(Image-backed grounding data)
····················
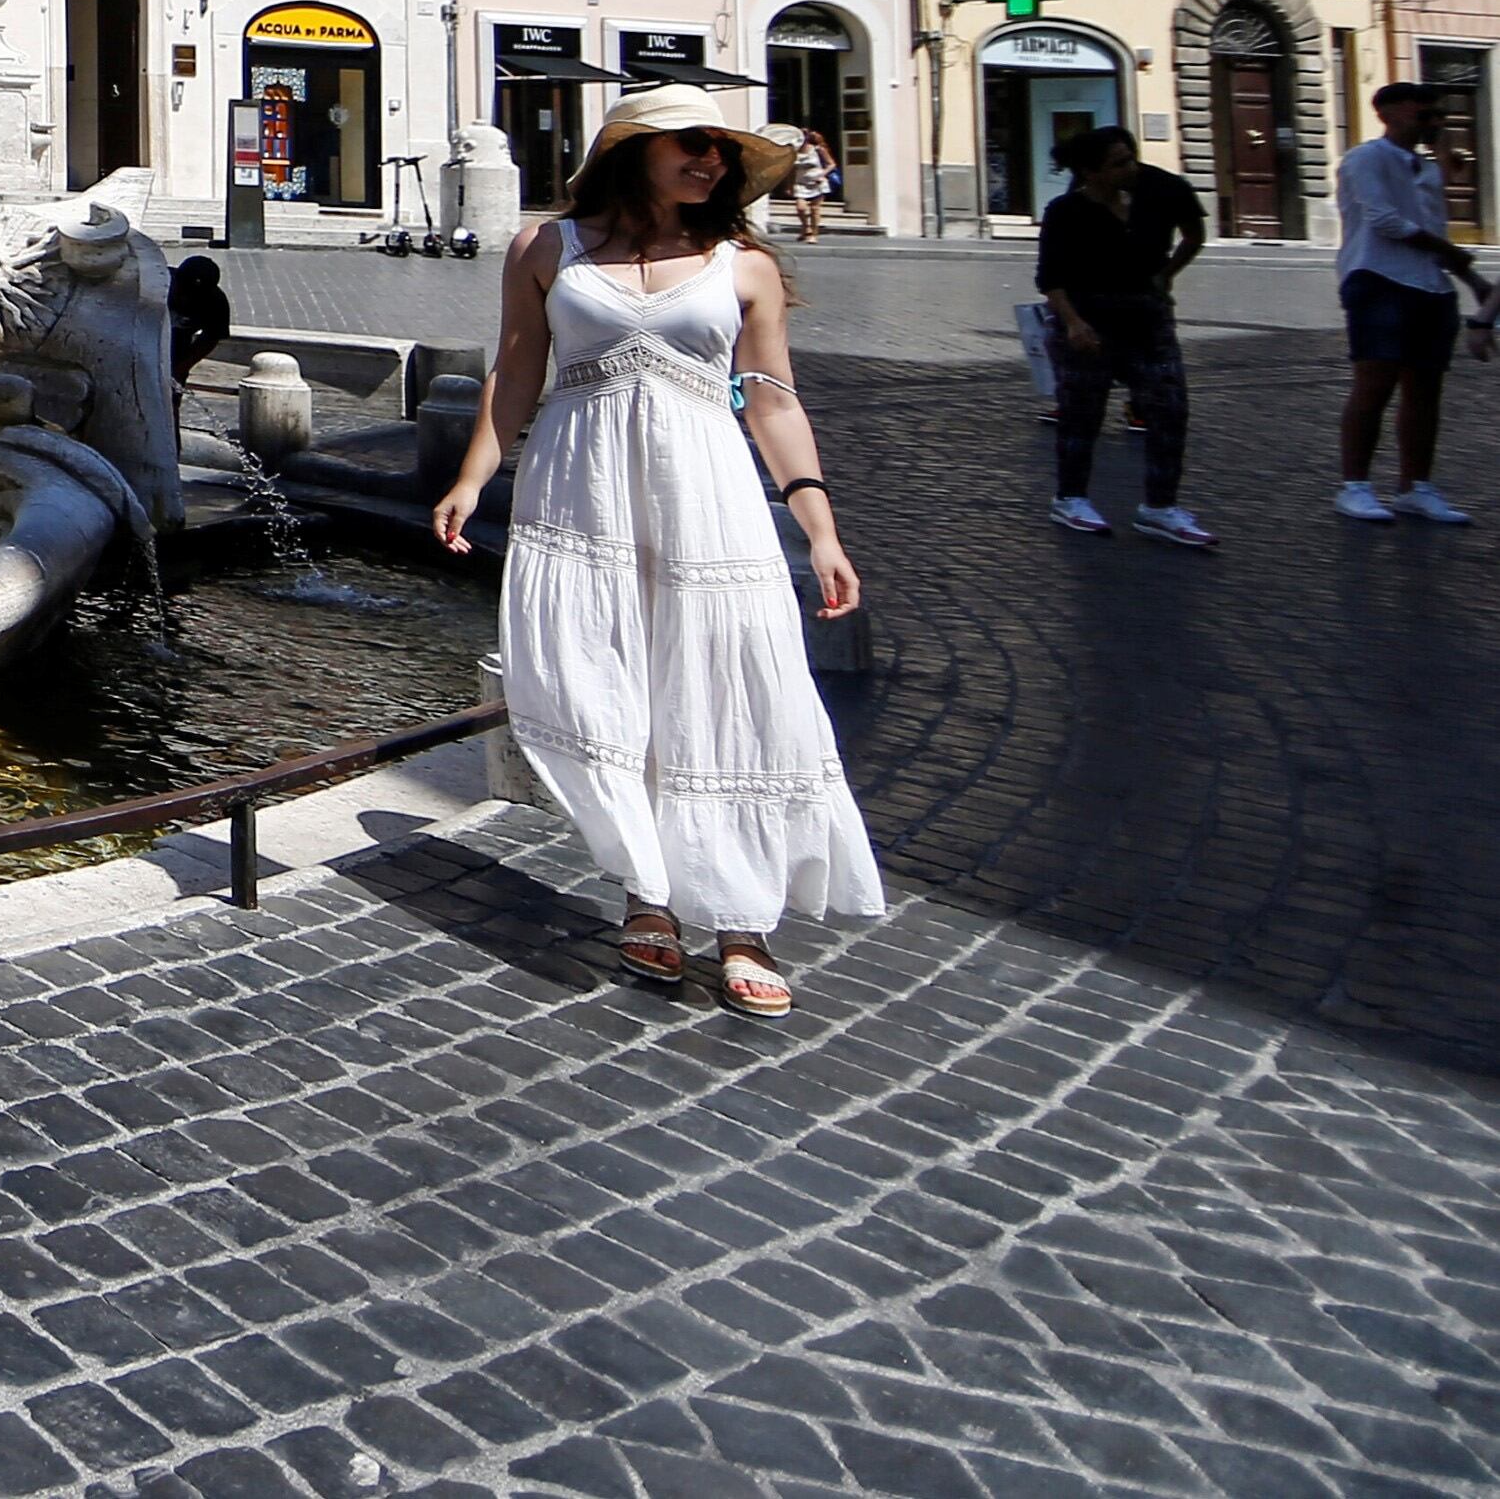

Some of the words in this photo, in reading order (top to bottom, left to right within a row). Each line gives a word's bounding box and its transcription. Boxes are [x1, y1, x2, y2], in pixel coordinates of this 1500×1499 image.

[256, 22, 302, 35] ACQUA
[320, 26, 365, 39] PARMA
[523, 28, 552, 43] IWC
[647, 35, 677, 50] IWC
[1013, 37, 1078, 54] FARMACIA
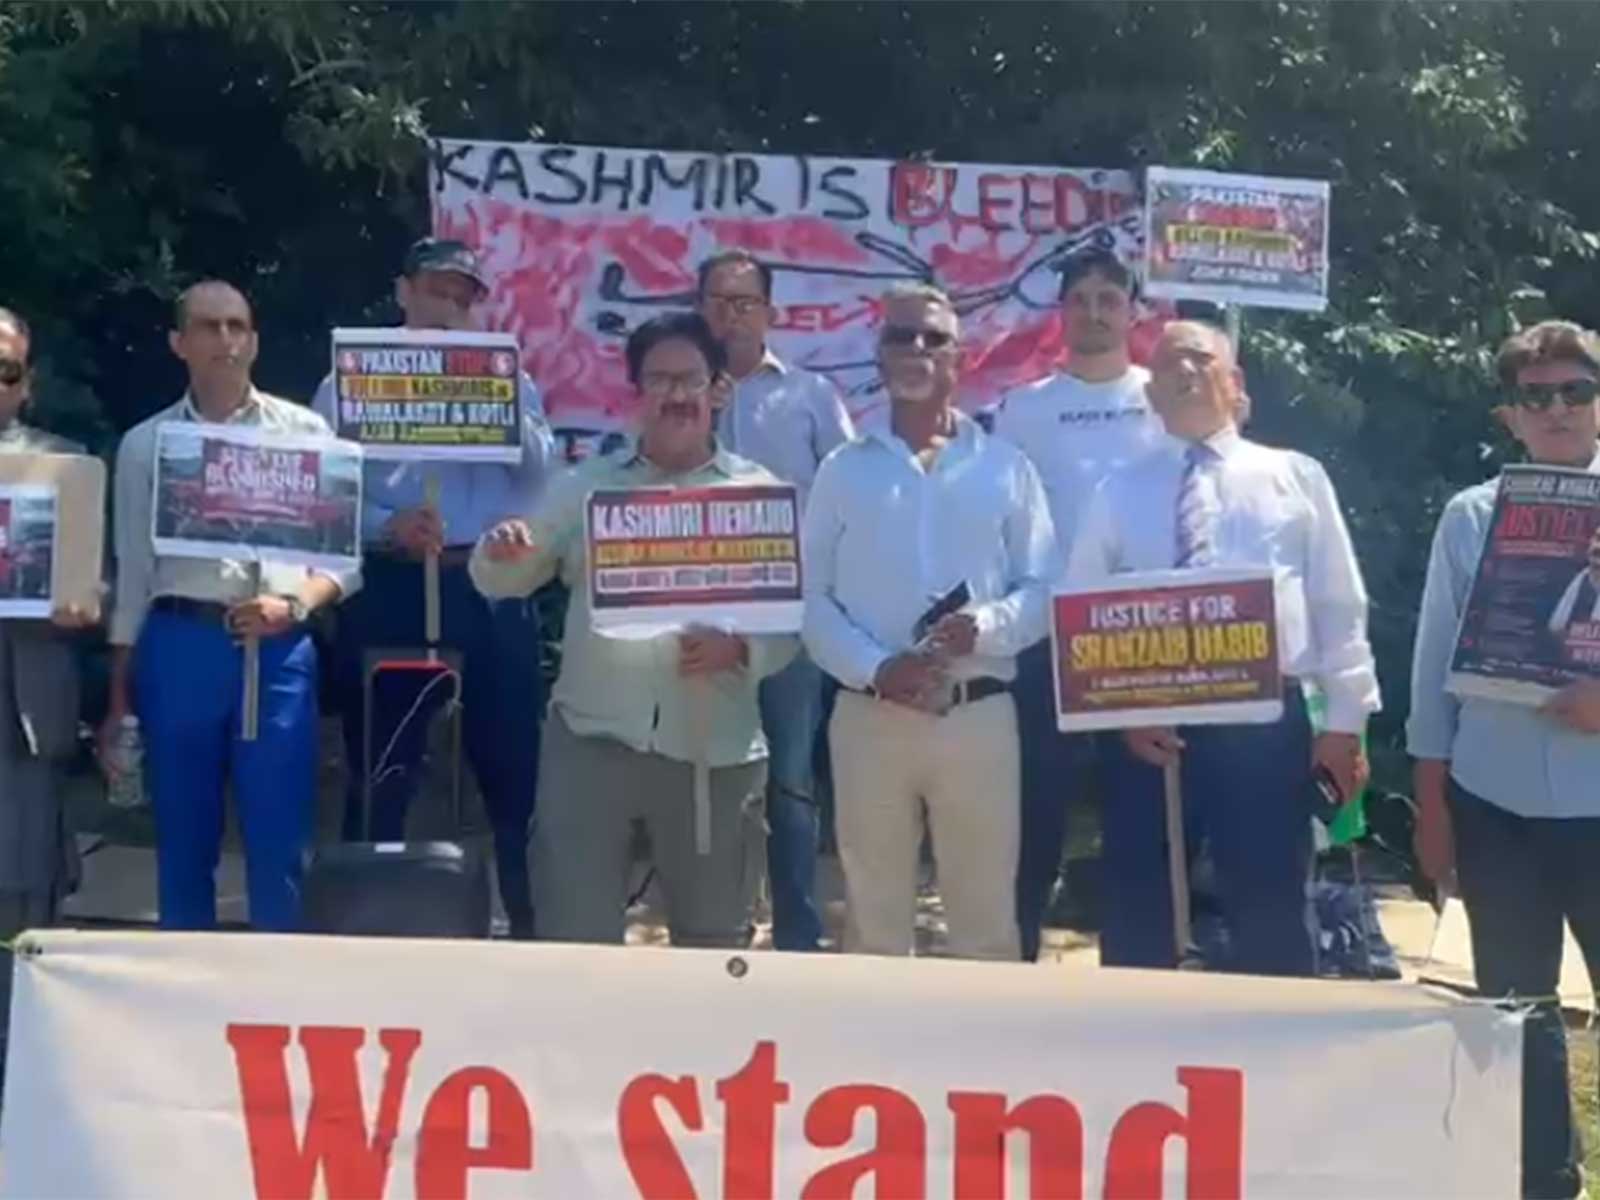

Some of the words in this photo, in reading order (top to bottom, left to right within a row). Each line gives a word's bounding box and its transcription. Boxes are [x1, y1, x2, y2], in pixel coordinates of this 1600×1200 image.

[433, 138, 776, 215] KASHMIR
[796, 155, 869, 220] IS
[361, 350, 443, 375] PAKISTAN
[593, 502, 702, 540] KASHMIRI
[1091, 600, 1184, 628] JUSTICE
[1189, 595, 1237, 621] FOR
[226, 1023, 533, 1200] We
[618, 1040, 1243, 1200] stand
····················
| What to do |
All entries above are to be set down word for word, and the pictures are to be left out.

| Output |
Some of the words in this photo, in reading order (top to bottom, left to right within a row). Each line gives a word's bounding box and its transcription. Boxes are [x1, y1, x2, y2], in pixel coordinates of this 1500×1499 image.

[256, 22, 302, 35] ACQUA
[320, 26, 365, 39] PARMA
[523, 28, 552, 43] IWC
[647, 35, 677, 50] IWC
[1013, 37, 1078, 54] FARMACIA

Some of the words in this photo, in reading order (top to bottom, left to right within a row). Each line gives a word's bounding box and its transcription. Boxes are [x1, y1, x2, y2], in pixel coordinates of this 1600×1200 image.

[433, 138, 776, 215] KASHMIR
[796, 155, 869, 220] IS
[361, 350, 443, 375] PAKISTAN
[593, 502, 702, 540] KASHMIRI
[1091, 600, 1184, 628] JUSTICE
[1189, 595, 1237, 621] FOR
[226, 1023, 533, 1200] We
[618, 1040, 1243, 1200] stand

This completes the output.